Could you set down the records below exactly as they are, with no pictures?

── Data for this task

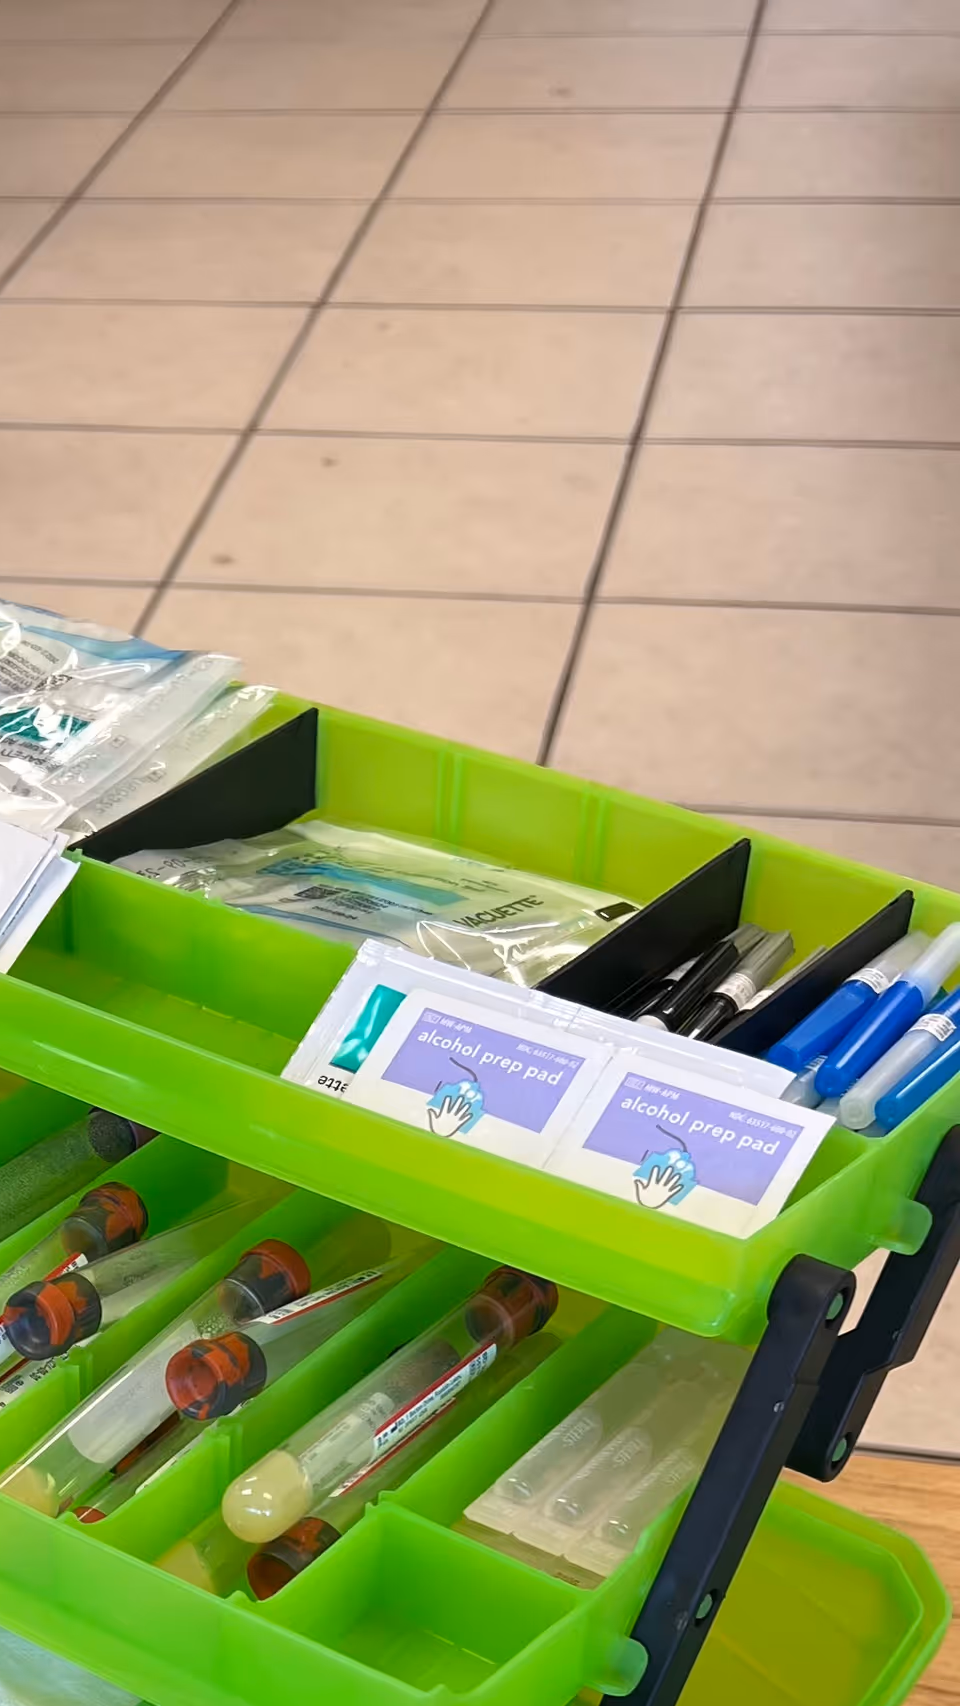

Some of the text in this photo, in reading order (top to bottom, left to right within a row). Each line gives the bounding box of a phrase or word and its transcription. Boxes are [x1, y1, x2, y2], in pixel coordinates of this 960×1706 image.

[455, 895, 543, 931] VACUETTE
[417, 1029, 563, 1087] alcohol prep pad
[620, 1095, 781, 1156] alcohol prep pad
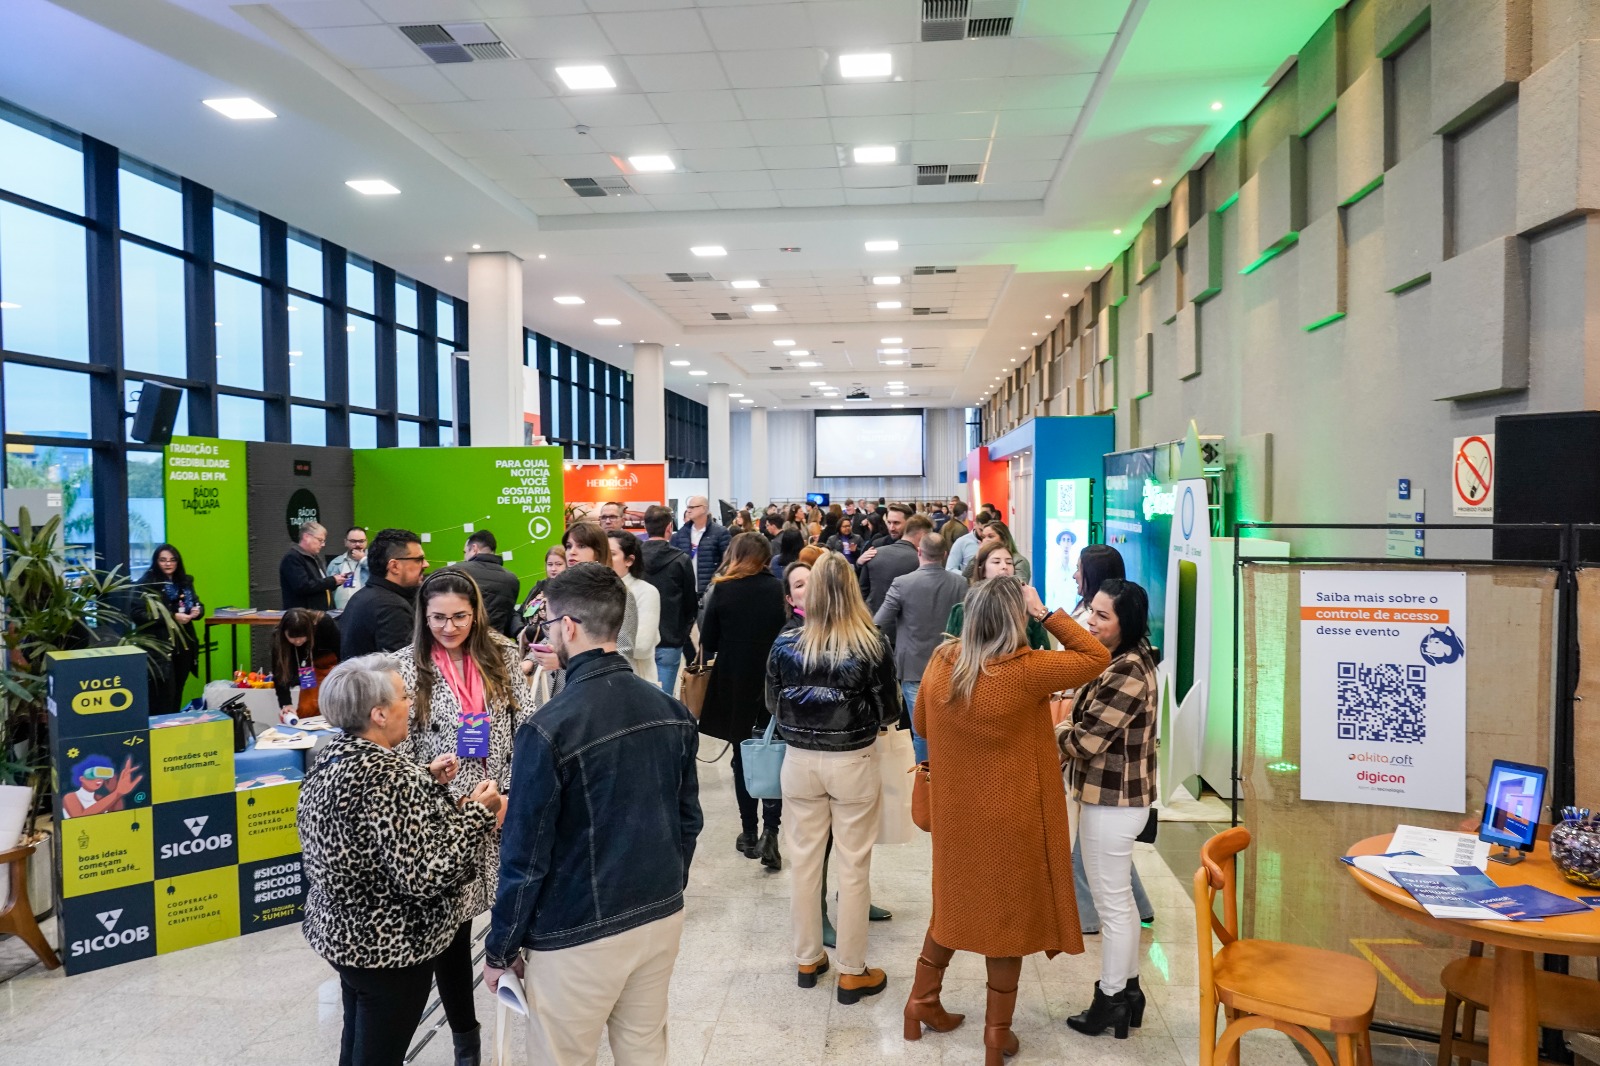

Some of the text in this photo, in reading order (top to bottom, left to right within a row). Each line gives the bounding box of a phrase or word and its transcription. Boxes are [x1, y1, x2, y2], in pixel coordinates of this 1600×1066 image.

[170, 443, 219, 455] TRADIÇÃO E
[169, 457, 230, 468] CREDIBILIDADE
[495, 459, 550, 468] PARA QUAL
[170, 471, 227, 481] AGORA EM FM.
[510, 468, 550, 477] NOTÍCIA
[520, 475, 548, 486] VOCÊ
[194, 485, 218, 498] RÁDIO
[502, 487, 551, 495] GOSTARIA
[181, 499, 220, 509] TAQUARA
[497, 496, 550, 504] DE DAR UM
[298, 507, 317, 516] RÁDIO
[522, 505, 551, 513] PLAY?
[1316, 592, 1438, 604] Saiba mais sobre o
[1316, 610, 1439, 621] controle de acesso
[1316, 625, 1400, 637] desse evento
[79, 676, 121, 690] VOCÊ
[81, 696, 102, 707] ON
[163, 750, 218, 763] conexões que
[1356, 770, 1405, 784] digicon
[248, 806, 295, 820] COOPERAÇÃO
[248, 817, 282, 828] CONEXÃO
[248, 823, 297, 836] CRIATIVIDADE
[161, 833, 232, 859] SICOOB
[79, 848, 127, 862] boas ideias
[79, 858, 122, 871] começam
[253, 862, 301, 879] #SICOOB
[79, 872, 98, 880] com
[254, 873, 302, 891] #SICOOB
[254, 885, 302, 904] #SICOOB
[167, 893, 218, 909] COOPERAÇÃO
[168, 905, 204, 917] CONEXÃO
[262, 908, 295, 921] SUMMIT
[168, 910, 221, 925] CRIATIVIDADE
[71, 925, 150, 957] SICOOB
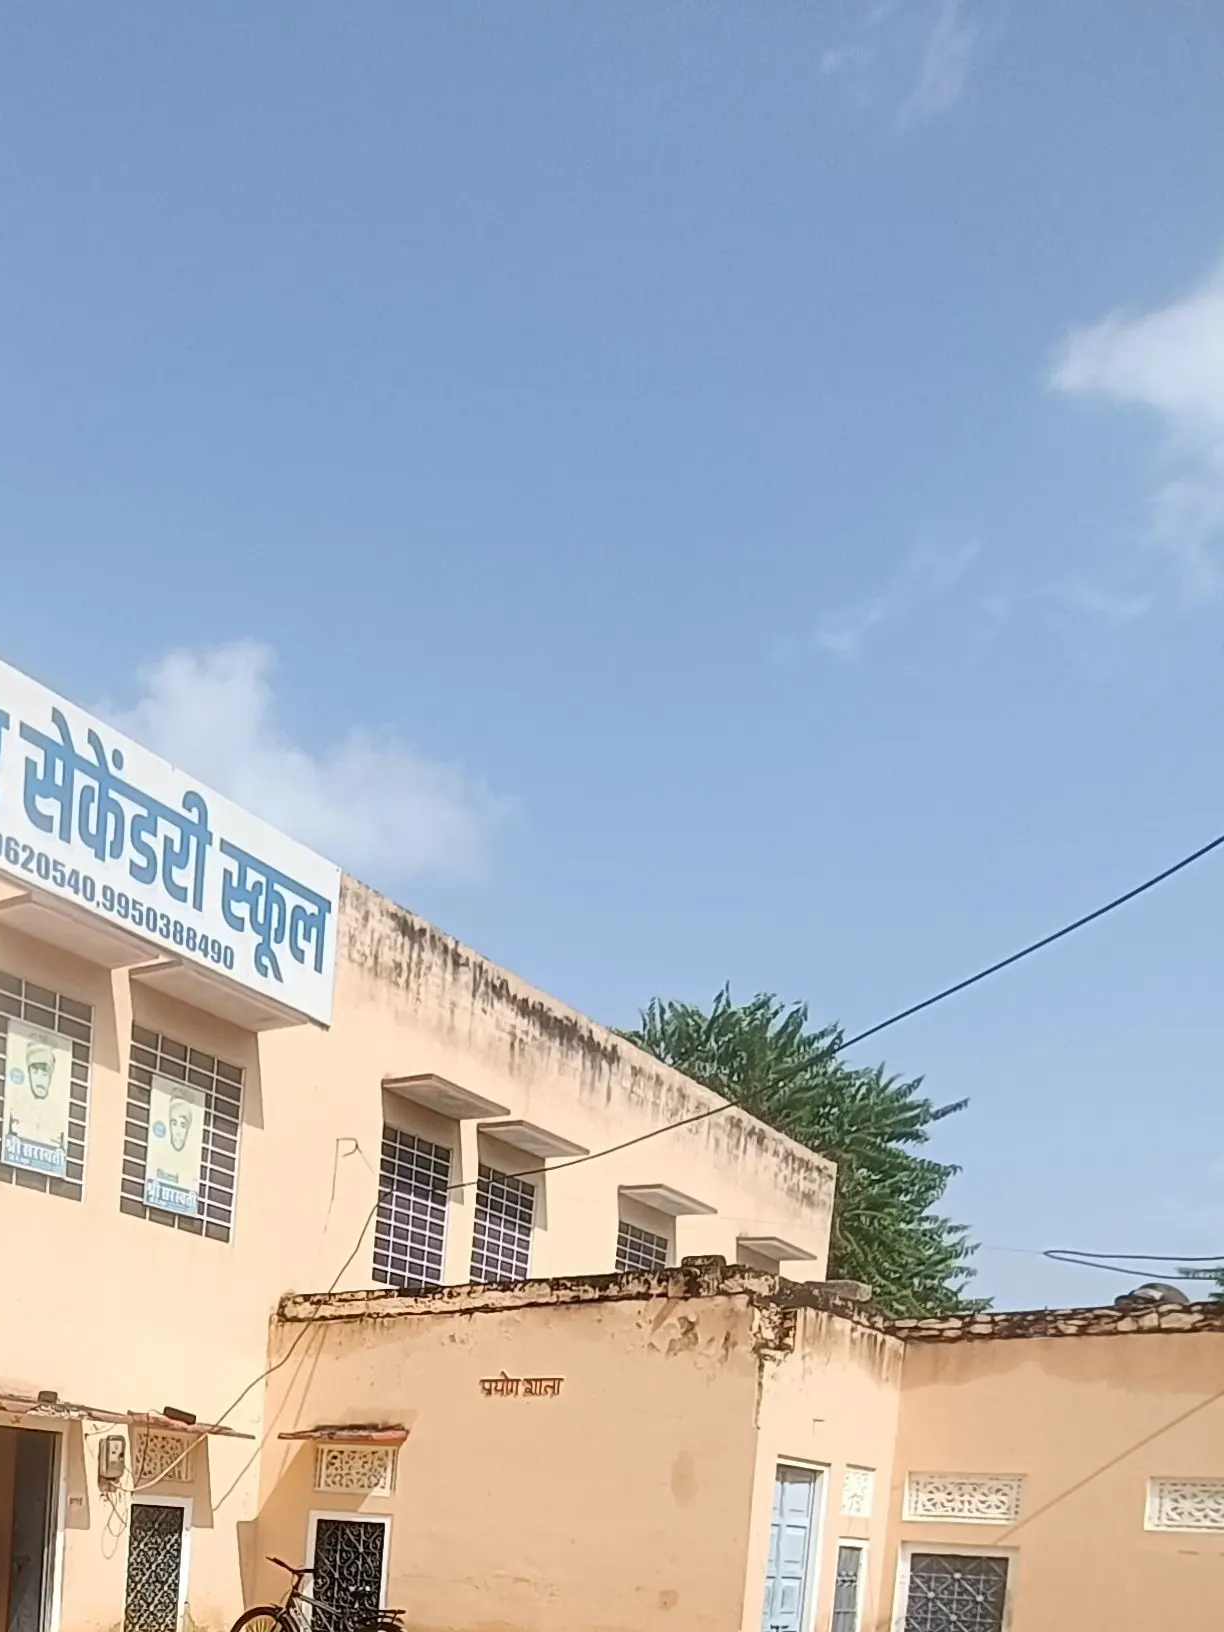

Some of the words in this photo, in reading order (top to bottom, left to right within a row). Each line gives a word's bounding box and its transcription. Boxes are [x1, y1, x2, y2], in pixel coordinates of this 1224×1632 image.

────

Response
Some of the text in this photo, in reading order (top to bottom, left to right within a row). Each line gives the bounding box of a phrase or word and its transcription. Boxes are [x1, y1, x2, y2], in pixel coordinates of this 960×1706 image.

[455, 895, 543, 931] VACUETTE
[417, 1029, 563, 1087] alcohol prep pad
[620, 1095, 781, 1156] alcohol prep pad

Some of the text in this photo, in reading order (top to bottom, left to right within a row). Each line gives the bounding box of a phrase or word and its transcription. Boxes are [x1, y1, x2, y2], in pixel coordinates of this 1600×1066 image.

[170, 443, 219, 455] TRADIÇÃO E
[169, 457, 230, 468] CREDIBILIDADE
[495, 459, 550, 468] PARA QUAL
[170, 471, 227, 481] AGORA EM FM.
[510, 468, 550, 477] NOTÍCIA
[520, 475, 548, 486] VOCÊ
[194, 485, 218, 498] RÁDIO
[502, 487, 551, 495] GOSTARIA
[181, 499, 220, 509] TAQUARA
[497, 496, 550, 504] DE DAR UM
[298, 507, 317, 516] RÁDIO
[522, 505, 551, 513] PLAY?
[1316, 592, 1438, 604] Saiba mais sobre o
[1316, 610, 1439, 621] controle de acesso
[1316, 625, 1400, 637] desse evento
[79, 676, 121, 690] VOCÊ
[81, 696, 102, 707] ON
[163, 750, 218, 763] conexões que
[1356, 770, 1405, 784] digicon
[248, 806, 295, 820] COOPERAÇÃO
[248, 817, 282, 828] CONEXÃO
[248, 823, 297, 836] CRIATIVIDADE
[161, 833, 232, 859] SICOOB
[79, 848, 127, 862] boas ideias
[79, 858, 122, 871] começam
[253, 862, 301, 879] #SICOOB
[79, 872, 98, 880] com
[254, 873, 302, 891] #SICOOB
[254, 885, 302, 904] #SICOOB
[167, 893, 218, 909] COOPERAÇÃO
[168, 905, 204, 917] CONEXÃO
[262, 908, 295, 921] SUMMIT
[168, 910, 221, 925] CRIATIVIDADE
[71, 925, 150, 957] SICOOB

Some of the words in this photo, in reading order (top to bottom, left to right within a row). Each line gives a word's bounding box and its transcription. Boxes are [x1, y1, x2, y2], in pixel coordinates of this 1224×1632 image.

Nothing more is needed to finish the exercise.